Par Vince, photos Olivier Barau
Rocher de Palmer Cenon. Mercredi 20 novembre 2019
Le collectif Snarky Puppy est devenu est quelques 15 ans et 13 CD, un phénomène transgénérationnel. La preuve en est à chacun de leurs passages au Rocher de Palmer. Pour leur 3ème fois à Cenon on peut y voir une affluence record, une salle 1200 pleine à craquer et l’enthousiasme non dissimulé de spectateurs aux âges bien différents ; une bande de 46 gamins de 12 ou 13 ans était même là ce mercredi, pour apprécier les titres sur-vitaminés de ce « superband » d’origine texane.

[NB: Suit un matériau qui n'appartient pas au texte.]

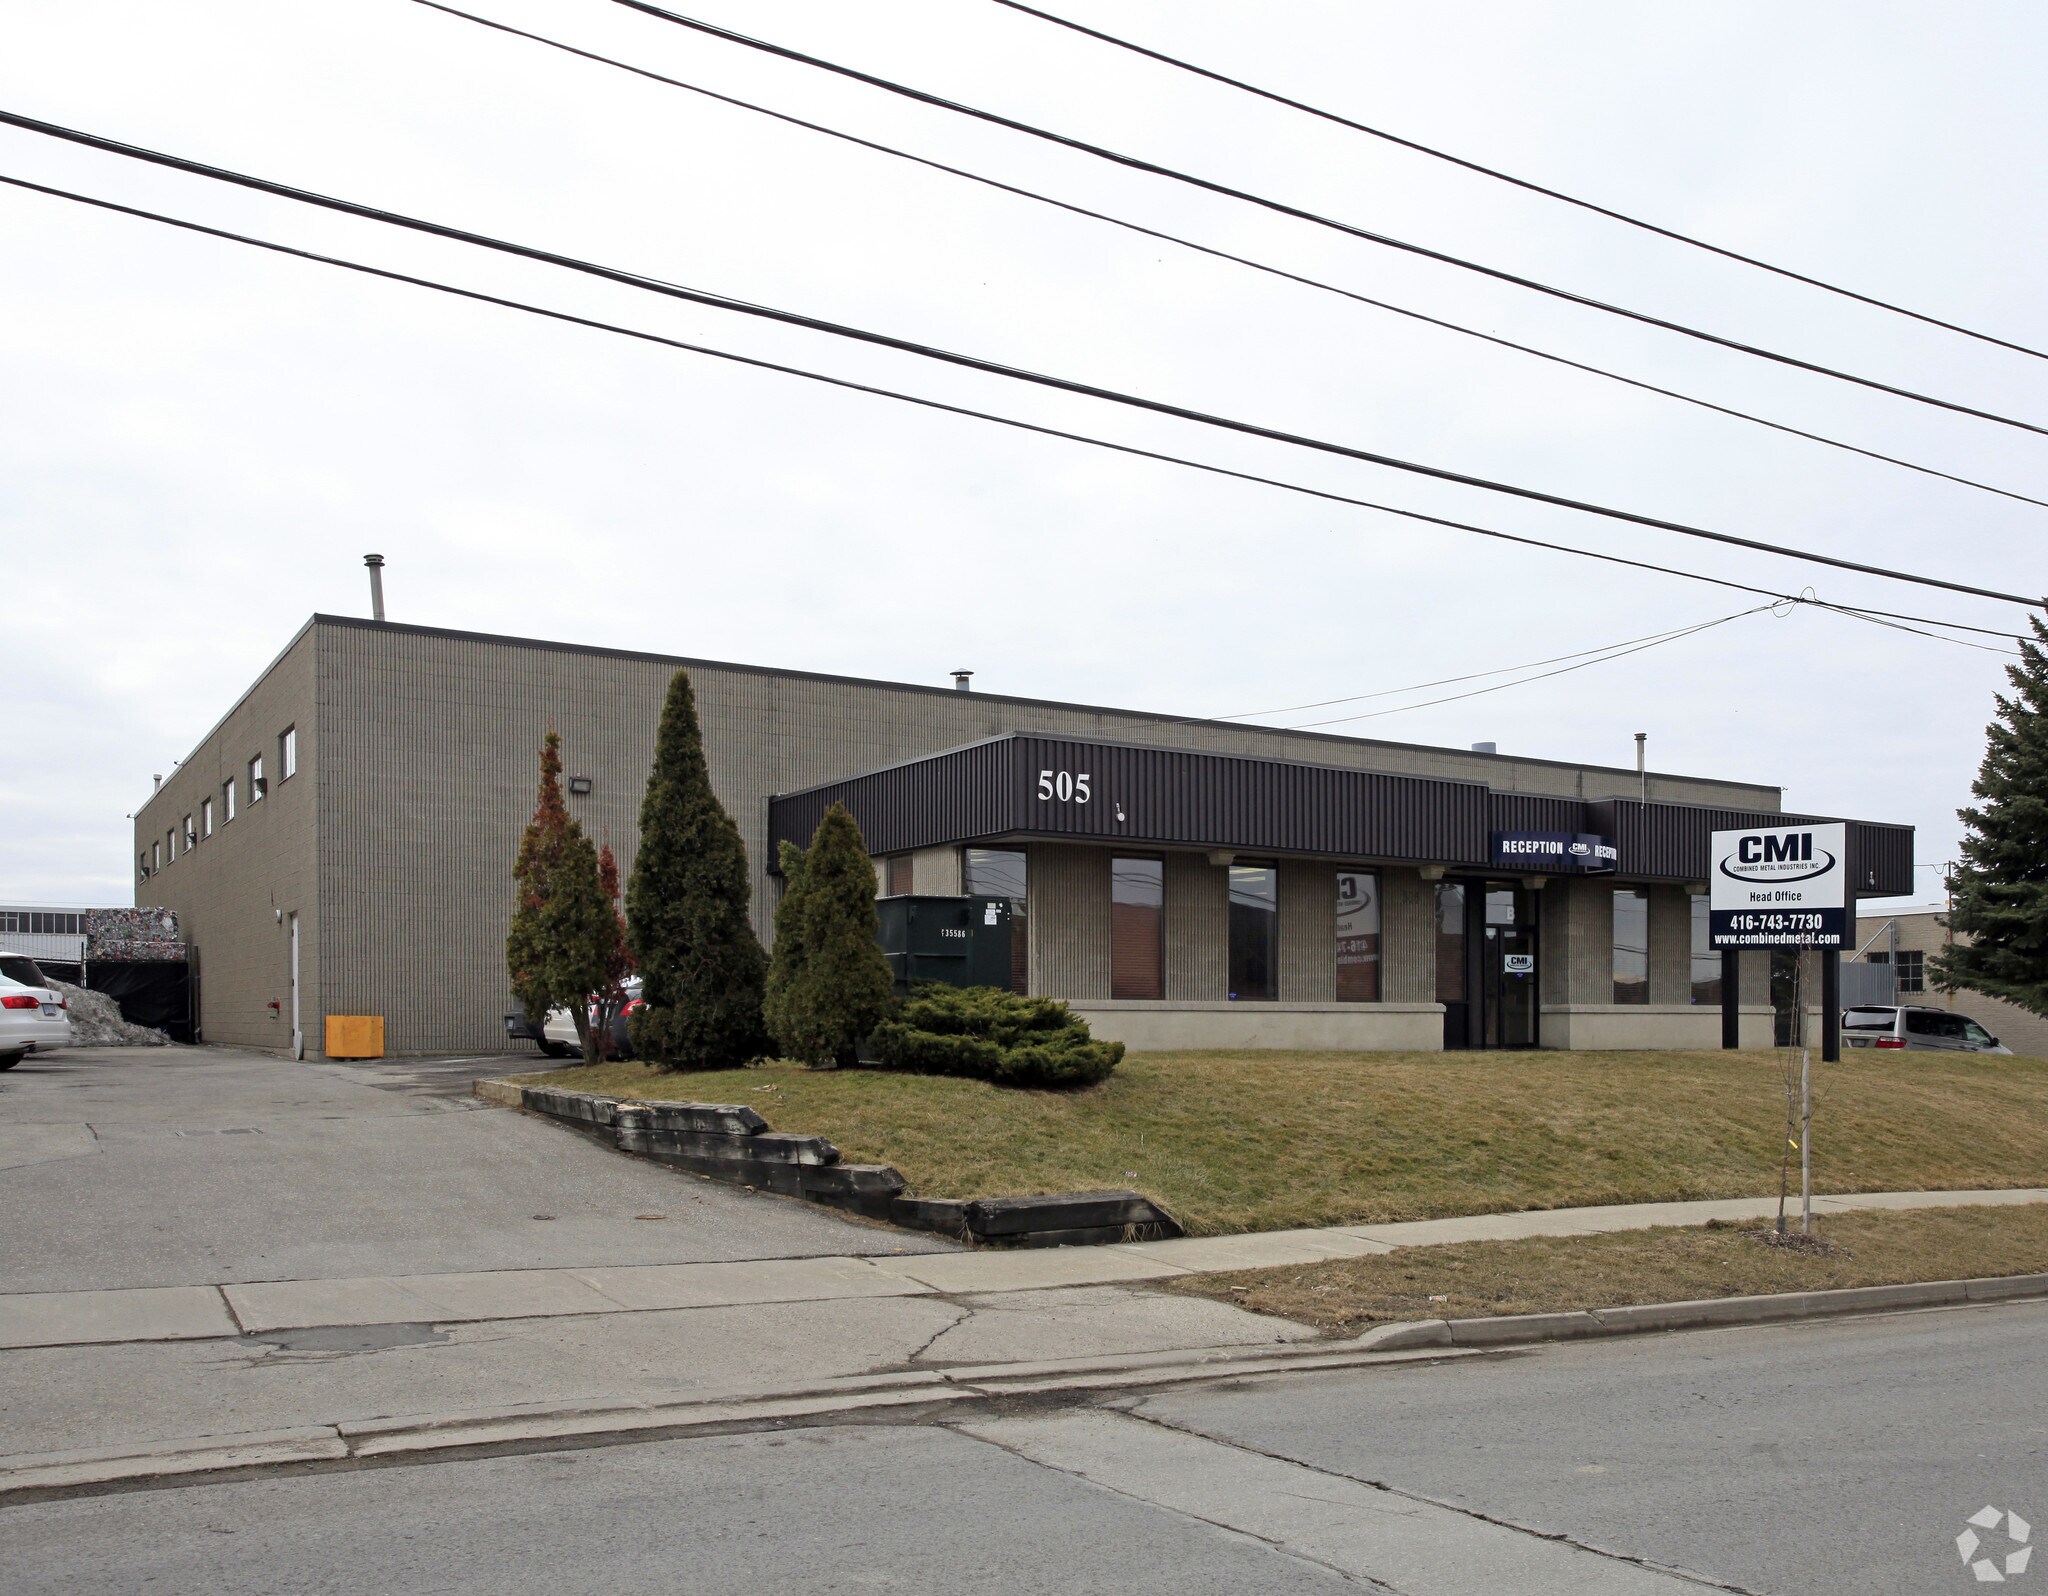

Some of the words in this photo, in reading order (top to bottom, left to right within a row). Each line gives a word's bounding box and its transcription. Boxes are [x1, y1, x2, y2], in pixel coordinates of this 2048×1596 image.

De tous âges, de tous horizons, de toutes influences aussi à l’image du groupe devenu de plus en plus inclassable. Les racines, la présence des cuivres, le métissage de l’orgue Hammond et des percussions, les chorus débridés des musiciens permettent de résolument s’orienter vers la case jazz fusion/jazz rock, mais le classement à adopter désormais me semble être celle du Snarky Jazz.
Michael League et ses compères (une trentaine dans le collectif étendu du label GroundUp) ont défini, à mon avis, une nouvelle forme d’expression de ce vaste concept appelé « Jazz », en réussissant le métissage idéal entre performance et subtilité, entre styles musicaux typés et sonorités spectrales, entre excès et sobriété, entre classicisme et surréalisme.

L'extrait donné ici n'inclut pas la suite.